Shared room housing in Sydney: an exploration of housing informality, platform technology and home making
Housing and home-making practices are changing in response to ongoing affordability pressures, greater geographical mobility and proliferation of digital technologies. In Anglophone countries, such as Australia, the homeownership rate is declining and the private rental market is growing and diversifying. Within the private rental sector, an increasing number of households and individuals choose to (or are forced to) live in shared housing with non-related tenants and share rental costs. Shared housing has long been a part of housing markets, especially in global cities. However, the shared housing sector is undergoing substantial change as landlords and tenants adopt new digital and informal housing practices, which have both positive and negative implications for residents and the urban systems.
This thesis investigates a growing, yet under-researched, form of shared housing – shared room housing – in Sydney. Shared room housing is a subcategory of shared housing, where tenants share a bedroom or living room with non-related household members. Shared room housing is a distinct housing form due to the sharing of sleeping spaces with non-related tenants, mostly via informal tenancy agreements. Shared room housing is often facilitated by new digital platforms which have reconfigured the processes of housing access and management. A multi-methods approach is mobilised to examine the growth and geographical distribution of shared room housing, tenants’ experiences and vulnerabilities of living in shared room housing, and policy and urban governance challenges arising from informal and digital shared room housing practices in Sydney, Australia.

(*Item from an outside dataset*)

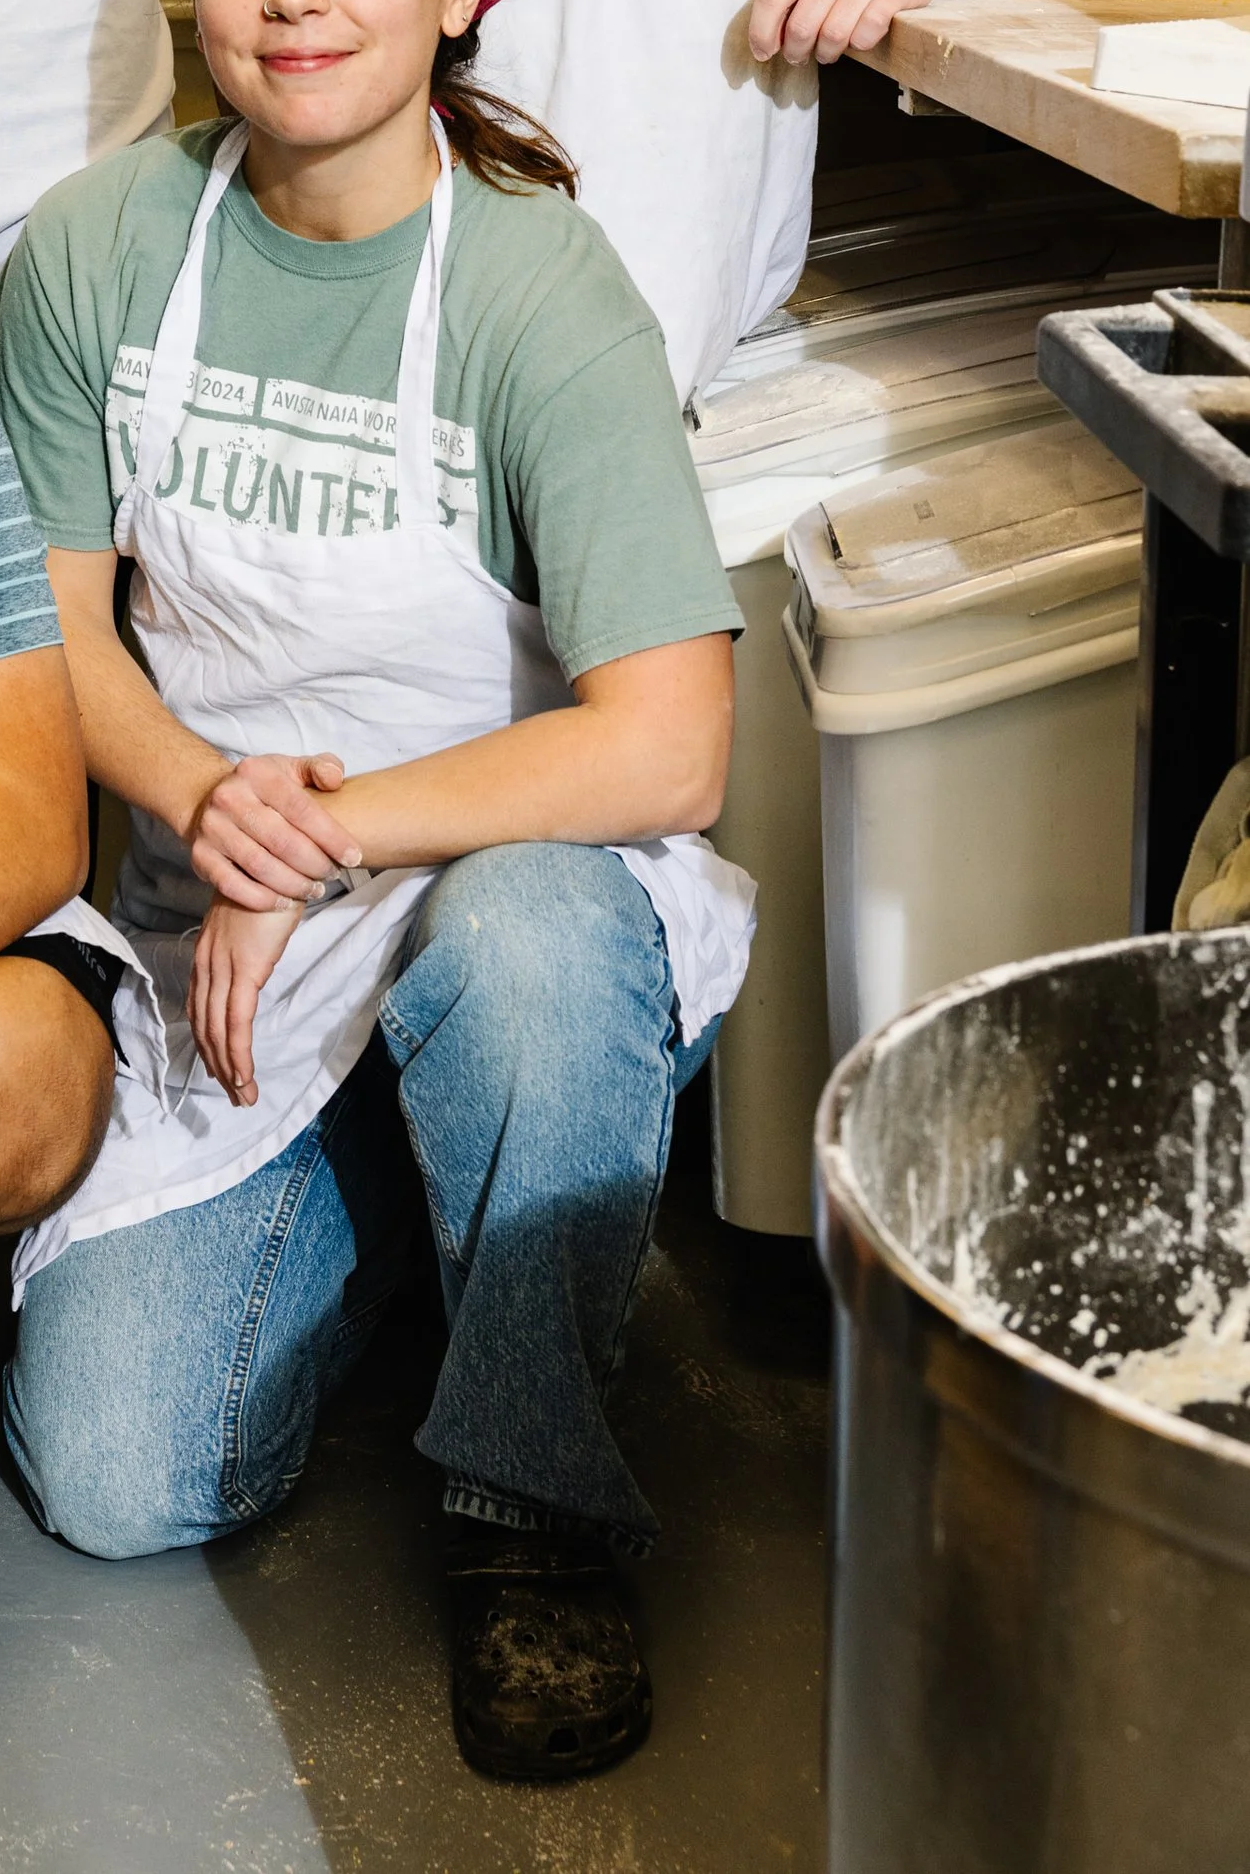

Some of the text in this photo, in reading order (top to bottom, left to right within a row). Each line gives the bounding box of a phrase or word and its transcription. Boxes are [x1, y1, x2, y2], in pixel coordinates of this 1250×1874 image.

[200, 377, 245, 402] 2024
[272, 390, 465, 457] AVISTA NAIA WOR ERIES

The thesis advances the conceptual framework of shared room housing as ‘informal and digital’, drawing on the theoretical approaches of housing informality, platform urbanism, and home-making. These theoretical approaches investigate the diverse aspects of shared room housing. A housing informality lens is mobilised to investigate the informal processes and practices in shared room housing, the relationship of these practices with existing tenancy and building regulations, and the implications of these practices for residents and wider urban systems. Platform urbanism offers a framework to explore the changing shared room housing market due to integration with digital platforms and the new opportunities and risks arise for tenants in their search for, access to, and management of shared housing. In addition, a home-making approach provides a framework to investigate shared room home as relational and processual. The shared room home emerges as an ongoing process of making and unmaking, where informal tenure conditions, the spatial and material conditions of the dwelling, and the changing social relations between non-related tenants all influence experience of home.
Shared room housing emerges as a response to housing unaffordability and socio-spatial inequalities in Sydney’s private rental market. Shared room housing provides tenants with opportunities to access housing through informal and digital mechanisms, negotiate tenancy criteria and share rental costs. However, shared room housing is a double-edged sword. Tenants often live in exploitative, overcrowded and unsafe housing conditions that have negative impacts on their health and safety and feelings of home. In addition, shared room housing emerges as a challenge for city management authorities that lack adequate legislative mechanisms to monitor and regulate these dwellings and tenancies. The thesis makes significant contributions to both policy and academic debates by advancing the knowledge of shared room housing and revealing insights into housing experiences and practices which are hidden and lack detailed analysis.